Your specific requirements are a bit vague, but I suppose you want a thing that does what Normalizer does, but with the feature to lump together certain Unicode code points to one character - similar to utf8proc.
I would go for a 2-step approach:
- First use Normalizer.normalize to create whatever (de-)composition you want
- Then iterate through the code points of the result and replace unify the characters the way you like it.
Both should be straightforward. For 2, if you are dealing with characters out of the Basic Multilingual Pane, then iterate through the code points using an appropriate algorithm for doing so. If you are using only BMP code points, then simply iterate over the characters.

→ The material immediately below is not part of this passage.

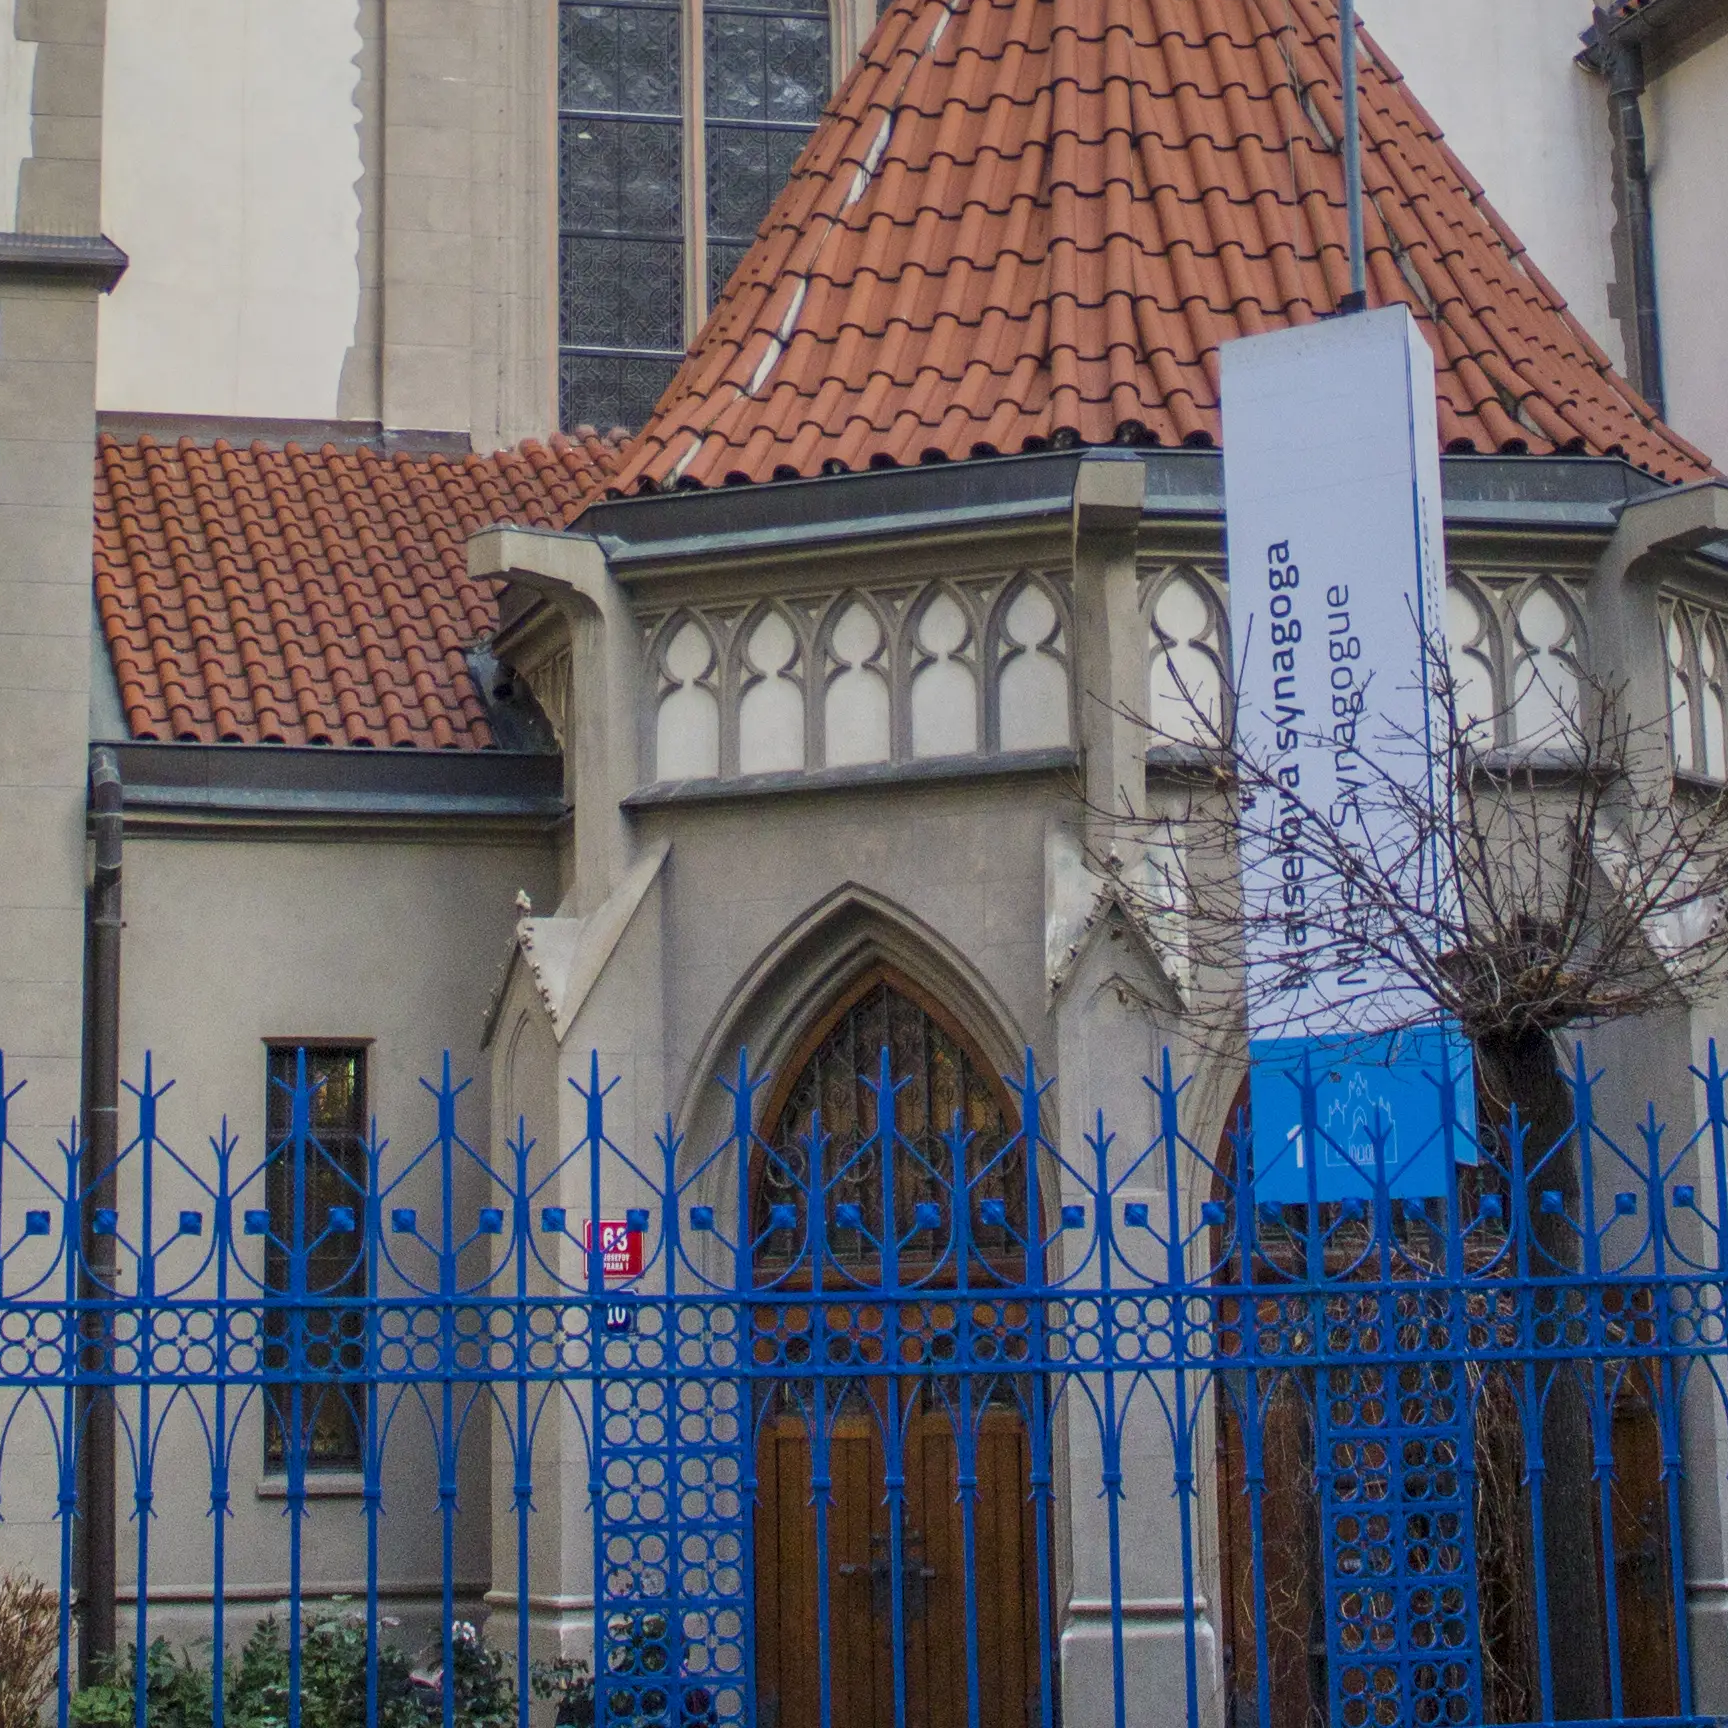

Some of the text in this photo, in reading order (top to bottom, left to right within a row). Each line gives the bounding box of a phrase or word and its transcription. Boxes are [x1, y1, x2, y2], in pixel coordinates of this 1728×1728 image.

For the characters you would like to lump together, create a substitution data structure for the mapping ununified code point -> unified code point. Map<Character, Character>
or Map<Integer, Integer>
come to mind for that. Populate the substitution map to your liking, e.g. by taking the information from utf8proc's lump.txt and a source for character categories.
Map<Character, Character> LUMP;
static {
LUMP = new HashMap<Character, Character>();
LUMP.put('\u2216', '\\'); // set minus
LUMP.put('\u007C', '|'); // divides
// ...
}
Create a new StringBuilder or something similar with the same size as your normalized string. When iterating over the code points, check if LUMP.get(codePoint)
is non-null. In this case, add the value returned, otherwise add the code point to the StringBuilder. That should be it.
If required, you can support a way of loading the contents of LUMP from a configuration, e.g. from a Properties object.